Ouvrage of the Maginot Line

Ouvrage Soetrich is a gros ouvrage of the Maginot Line in north-eastern France. Soetrich is located between petits ouvrages Immerhof and Bois Karre, facing the France-Luxembourg border near the town of Hettange-Grande, part of the Fortified Sector of Thionville. Compared with other gros ouvrages, Soetrich is compact in arrangement, with the entries and underground ammunition magazines and barracks in close proximity to the combat blocks, accessed through underground galleries at an average depth of 30 m. Its primary purpose was to cover the main road to Luxembourg, just to the west. Along with its neighbours, Ouvrage Rochonvillers and Ouvrage Molvange, Soetrich was used during the Cold War as a secure command centre for NATO forces.

== Design and construction ==
The Soetrich site was surveyed by CORF (Commission d'Organisation des Régions Fortifiées), the Maginot Line's design and construction agency, in 1930. Work by the contractor Degaine-Dubois began the same year, and the position became operational in 1935, at a cost of 86 million francs.

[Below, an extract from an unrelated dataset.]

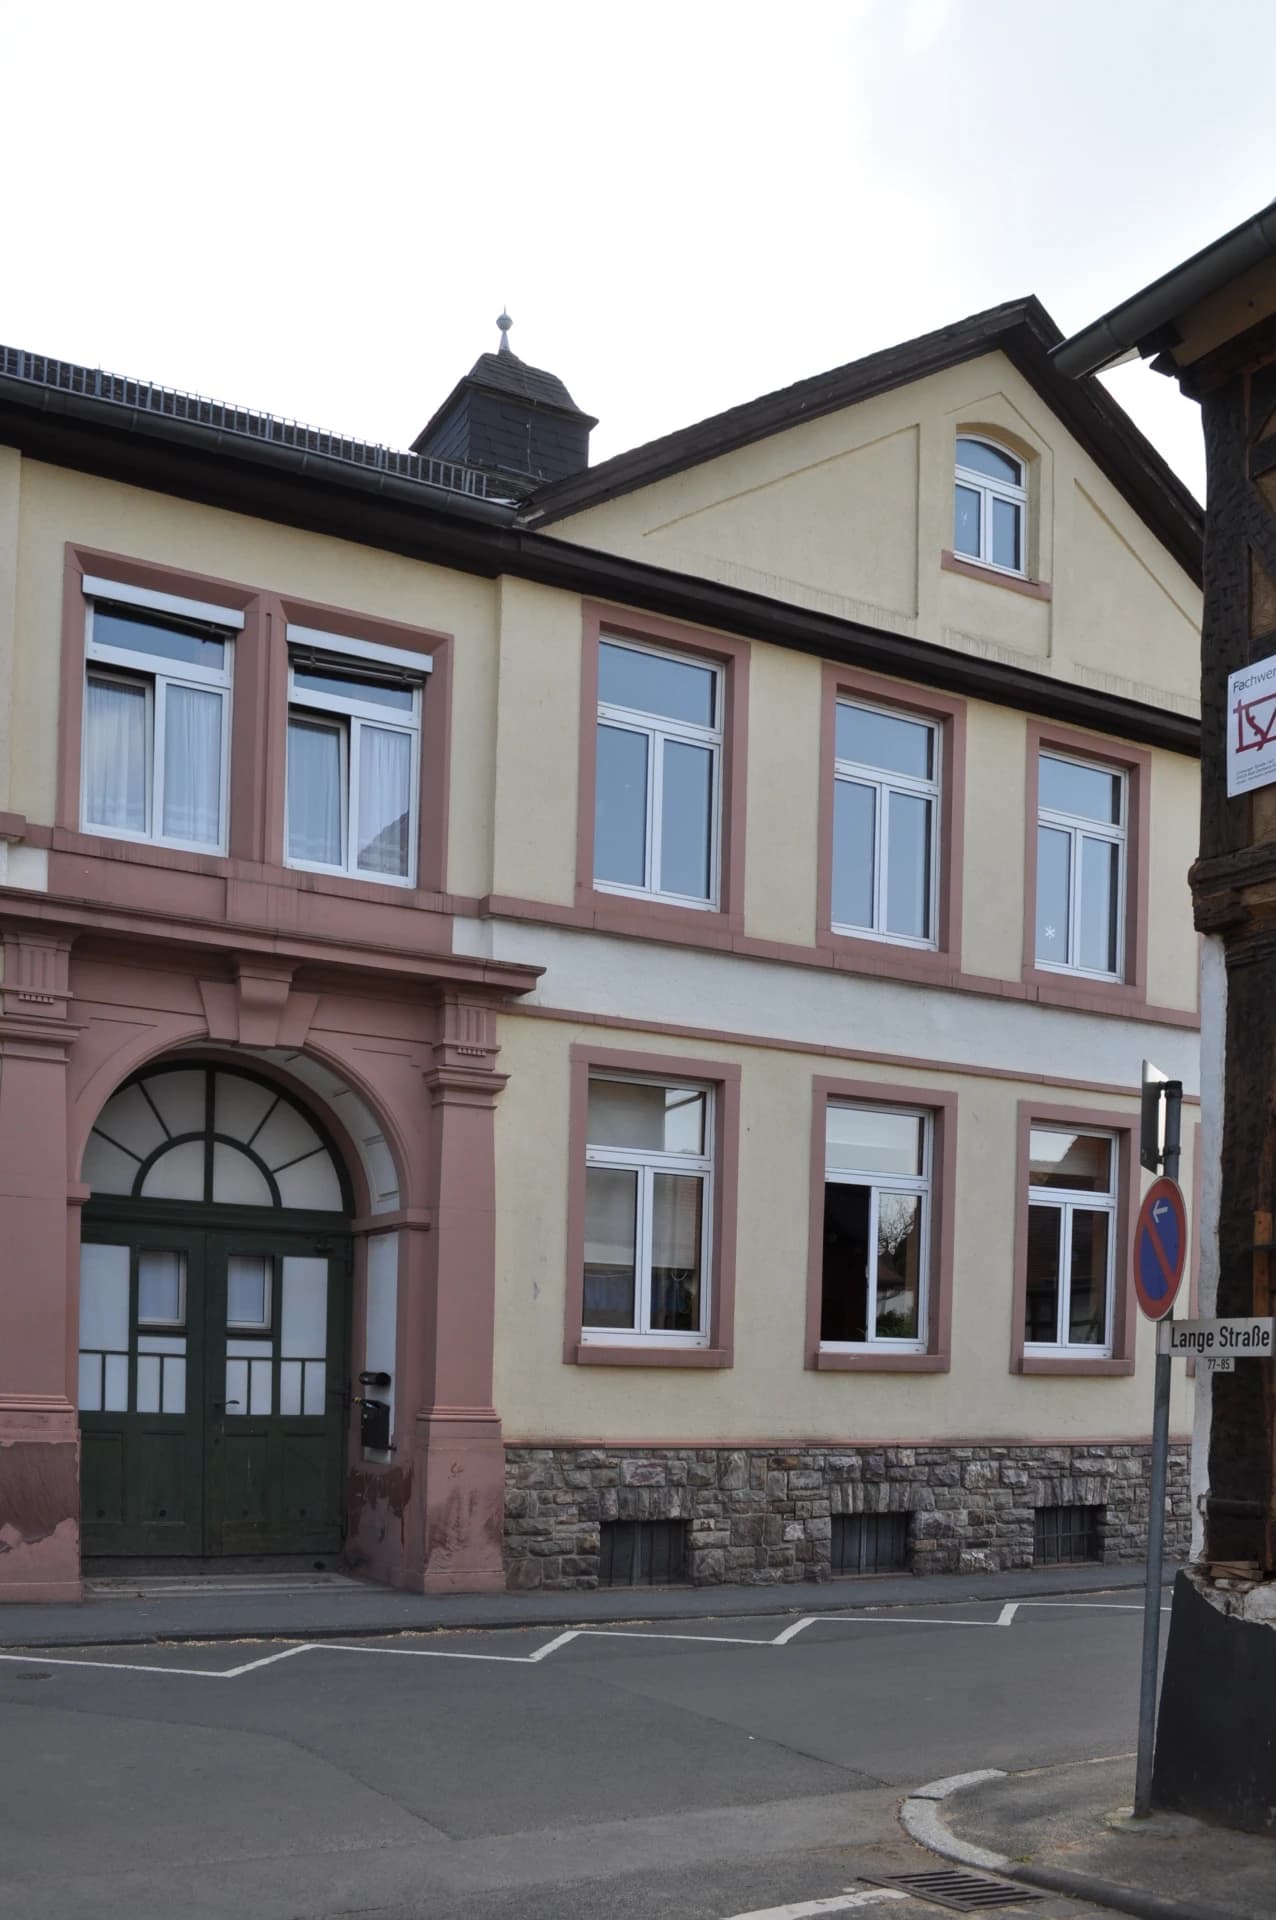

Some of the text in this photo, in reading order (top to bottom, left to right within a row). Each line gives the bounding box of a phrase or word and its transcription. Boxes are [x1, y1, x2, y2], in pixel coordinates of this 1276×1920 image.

Soetrich stands just to the east of the Thionville-Luxembourg road. A military road and a 60 cm narrow-gauge railway link the entrance blocks to the rear supply areas. The railway continues through the ouvrage to the combat blocks. The combat and support areas are separated by only 125 m, and the total length of the main gallery is 625 m.

== Description ==

The ouvrage comprises two entries and six closely grouped combat blocks:
- Ammunition entry: shaft, two automatic rifle cloches (GFM) and one machine gun/47 mm anti-tank gun (JM/AC47) embrasure.
- Personnel entry: shaft, one GFM cloche and one JM/AC47 embrasure.
- Block 1: Infantry block with one machine gun turret, one machine gun cloche (JM) and one GFM cloche.
- Block 2: Infantry block with one machine gun turret, one observation cloche (VDP) and one GFM cloche.
- Block 3: Infantry block with one JM/AC47 embrasure, one JM embrasure, two 81 mm mortar embrasures and two GFM cloches.
- Block 4: Artillery block with one 135 mm gun turret and one GFM cloche.
- Block 5: Artillery block with one 75 mm gun turret and one GFM cloche.
- Block 6: Artillery block with one 75 mm gun turret, one GFM cloche and one grenade launcher cloche (LG).

=== Casemates, observation points and shelters ===
The Observatoire de la Route du Luxembourg is just to the west to the ouvrage, on the other side of the main road to Luxembourg. It was equipped with an observation cloche and a GFM cloche. Just to the south is the Abri de la Route du Luxembourg, which sheltered a section of infantry that supported the observatory and the flank of the ouvrage.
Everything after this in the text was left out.